The pieces of music collected on First Draft are mainly traditional style fiddle tunes, although only one is in fact traditional and all but two are penned by Aartwork themselves (Art Butler on fiddle and Claire Cordeaux on guitar). The world of instrumental folk, for all that it has witnessed numerous experiments and fusions in the past several decades, is a fairly strong bastion of mainstream musical ideologies: technical facility is highly valued, aesthetics are unquestioned assumptions (pure tone, lyrical phrasing, pretty melodies), and the idea that a recording is anything more artificial than a photograph is certainly not common currency. This CD will stand or fall then, (assuming the other elements are in place) on the extent to which its sound reads as a deliberate strategy, rather than a failure to achieve ‘fidelity’.

Those other elements are decidedly in place, I’m glad to say. This is a field of music that’s crowded with virtuosi, so it’s hard to impress the informed listener however good you might be, and they will conversely demand a high standard before they give a recorded instrumentalist the time of day. Butler and Cordeaux wisely confine their ambitions to playing simply and well at achievable tempos, and having done so, they nail it. They have a great rapport and a mutually supportive sense of groove that ebbs and pulses with an engaging, intuitive expressivity. Butler’s fiddle has a warm, broad tone, and his intonation is pleasingly self-aware, rather than robotically precise (equal temperament is the enemy of a good fiddle sound, but that’s a rant for another day); Cordeaux has a sure-fingered right hand touch that gives her chords harmonic clarity, and a nice sound, although she is less well served by the recording process than Butler. What novelty they bring to the table is twofold: there are pronounced elements of jazz and blues in their approach, mainly in the guitar style, but also in the melodies; and Butler makes  intelligent use of effects, mainly to develop atmospheres and ambiences, extending the duo’s affective compass into areas normally reserved to larger ensembles.
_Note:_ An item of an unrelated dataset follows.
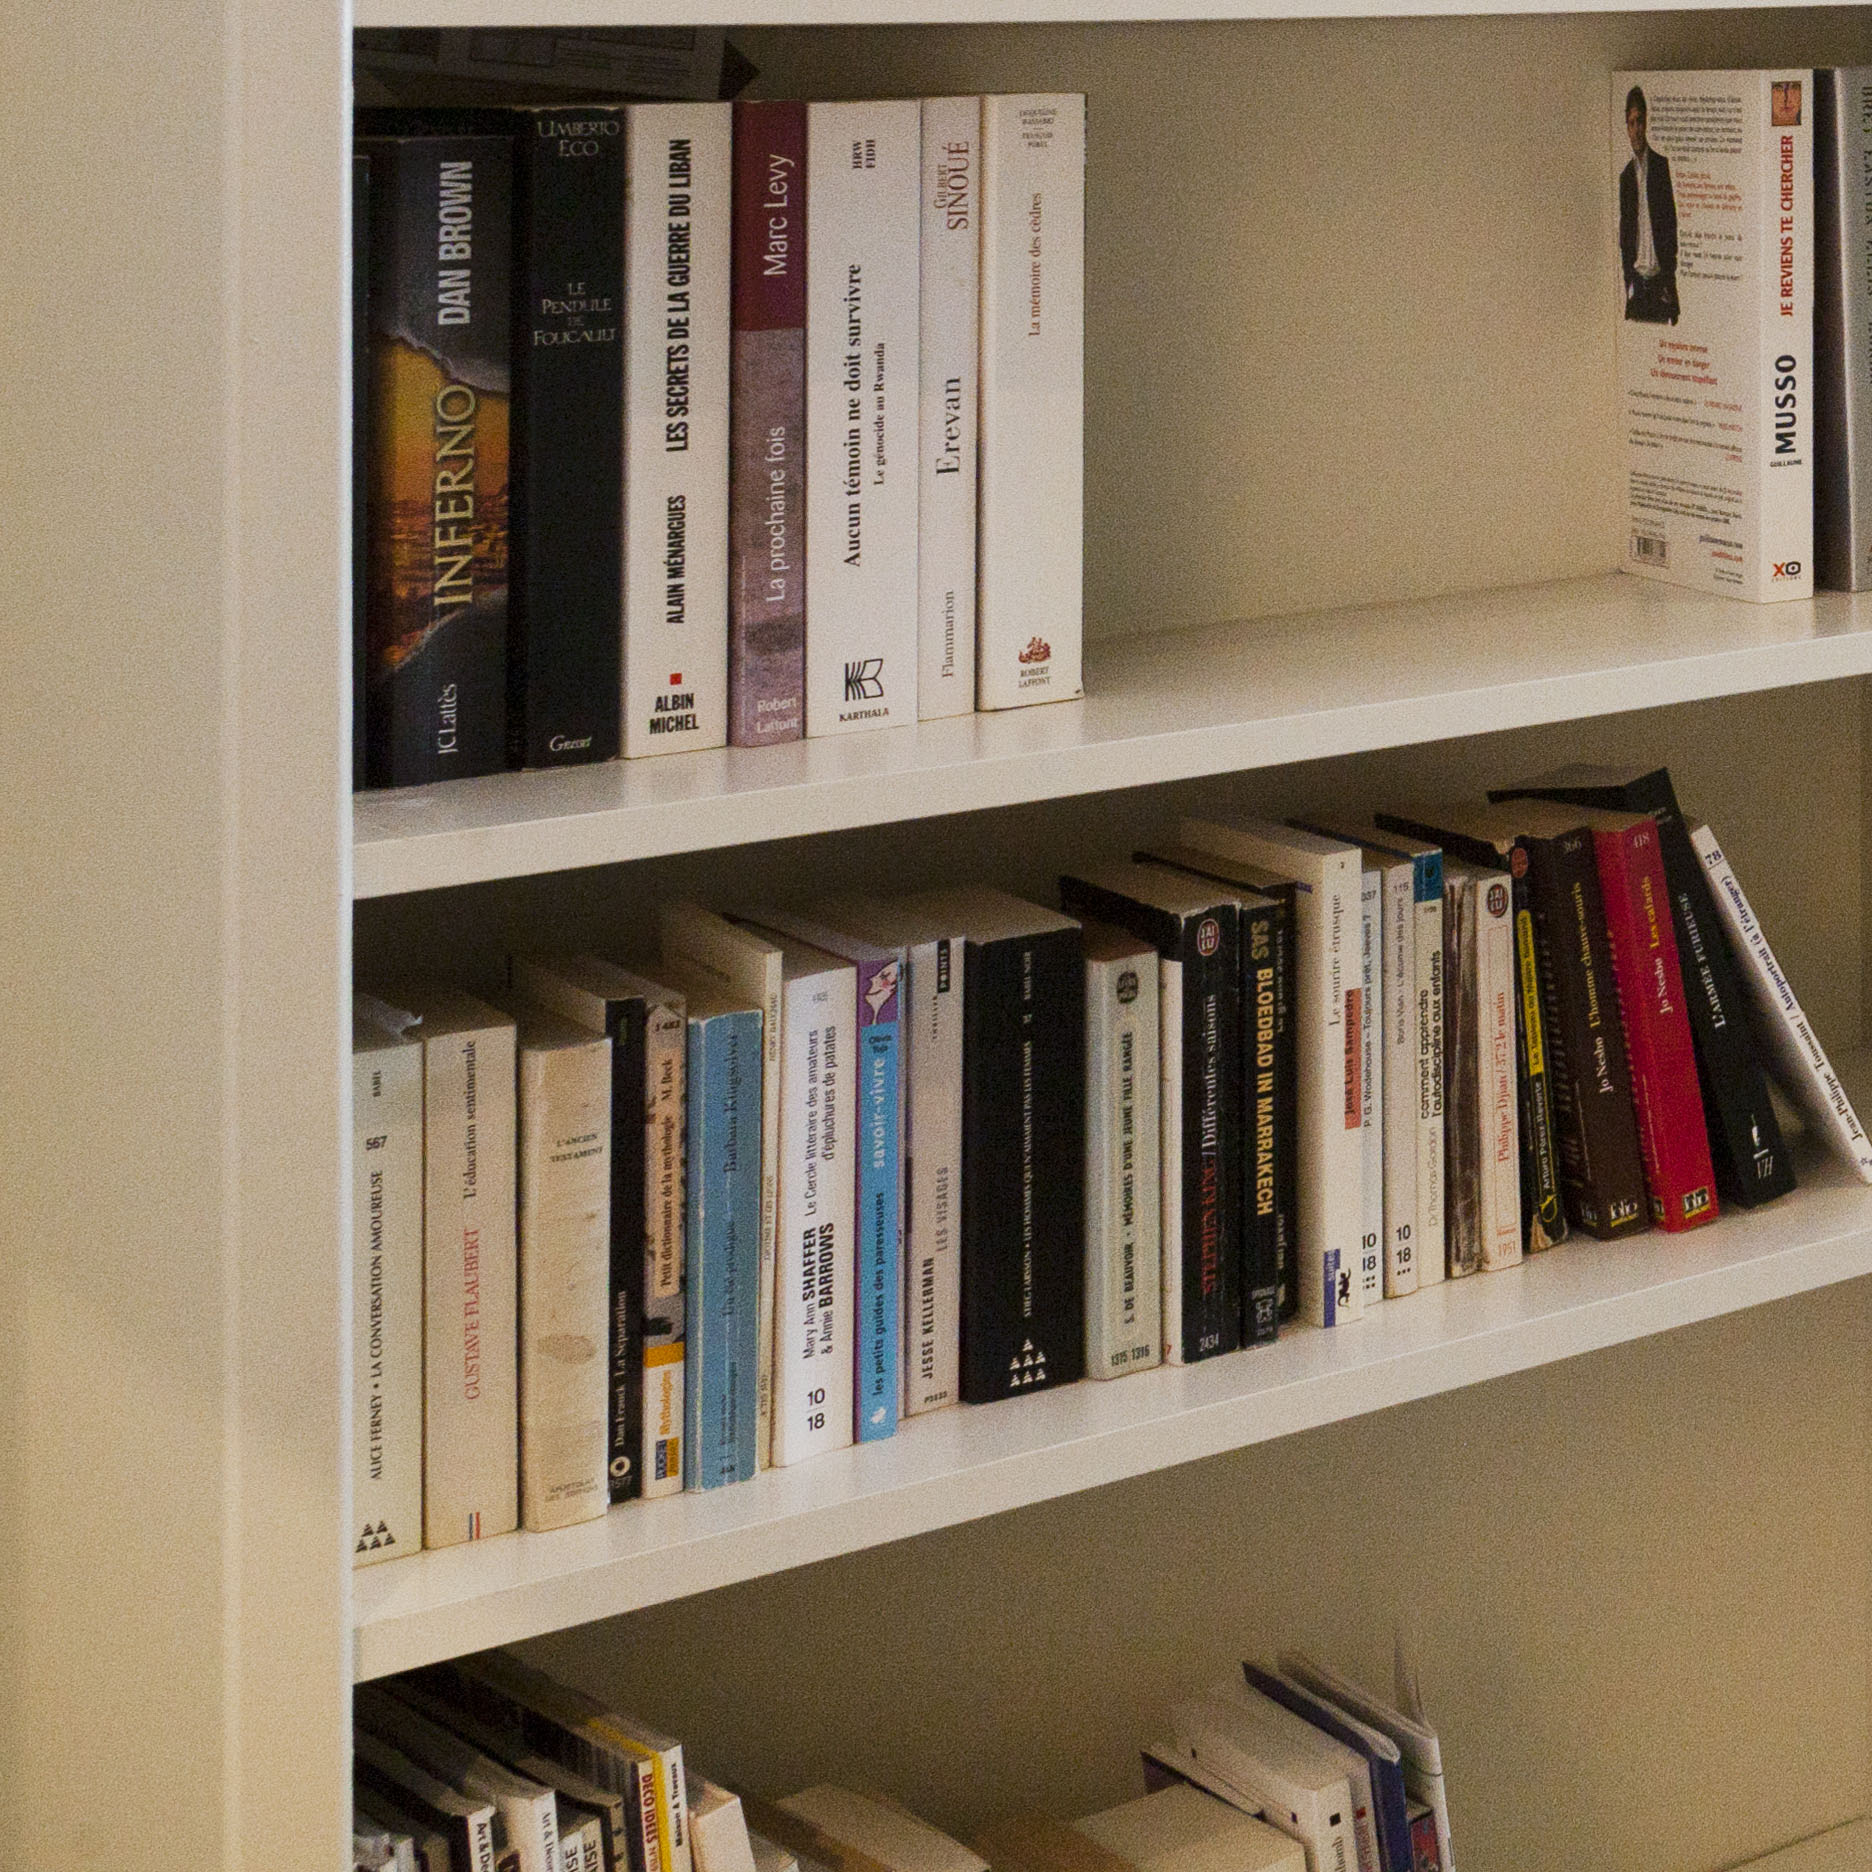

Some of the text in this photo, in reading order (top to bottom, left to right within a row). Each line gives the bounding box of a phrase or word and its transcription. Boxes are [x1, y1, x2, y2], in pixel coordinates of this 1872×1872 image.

There are many points of similarity between the lyricism of blues and that of Europe’s Celtic fringe, and Aartwork are alive to that liminal zone, cleverly exploiting its indeterminacies to bypass the listener’s conditioned stylistic reaction, and address sounds directly to their emotional responses. Alternately driving subjective time forward with fiery, liquid dance tunes and halting it with the affective wringing of blue notes and minor-pentatonic slurs, the duo make their own commitment clear in a way that is engaging and pleasantly unpredictable. Finding an effective fusion is not about smart-arsed erudition, but about hearing the opportunities to reinforce points of common interest that do exist at a pre-verbal level, even between cultures that are considerably more heterodox than the sources of Aartwork’s musical materials. The ingredients combined in First Draft are not a bizarre or jarring combination, and similar approaches have been employed many times before, but the baseline remains so insistently traditional (or more to the point, conventional) that this soup certainly has some novelty value.

For me the warmth of the sound is a real asset, but as to whether the other artifacts of the recording medium (ubiquitous hiss and a somewhat choked guitar sound in places) are compensated by that warmth, or are able to be heard as creative strategies in their own right, I’m still undecided. I can certainly hear the white noise as a token of the music’s sincerity, its ‘realness’ if you will, and I wouldn’t be particularly impressed by a production that dissembled the recording as artifact, but I really would like to hear the guitar speak a little more clearly at times. I should imagine that most fans of instrumental folk will miss the creative value of the lo-fi sound, but that’s a risk that every artist runs if they experiment (and what worthwhile artwork is not, to some degree, an experiment?); the hardcore fans of that music can be pretty hide-bound in their aesthetics, but I’m sure they’ll still hear and enjoy the playing. For the rest of us (well, for me anyway) this is a lovely half hour of drive, melody, mood, warmth and passion.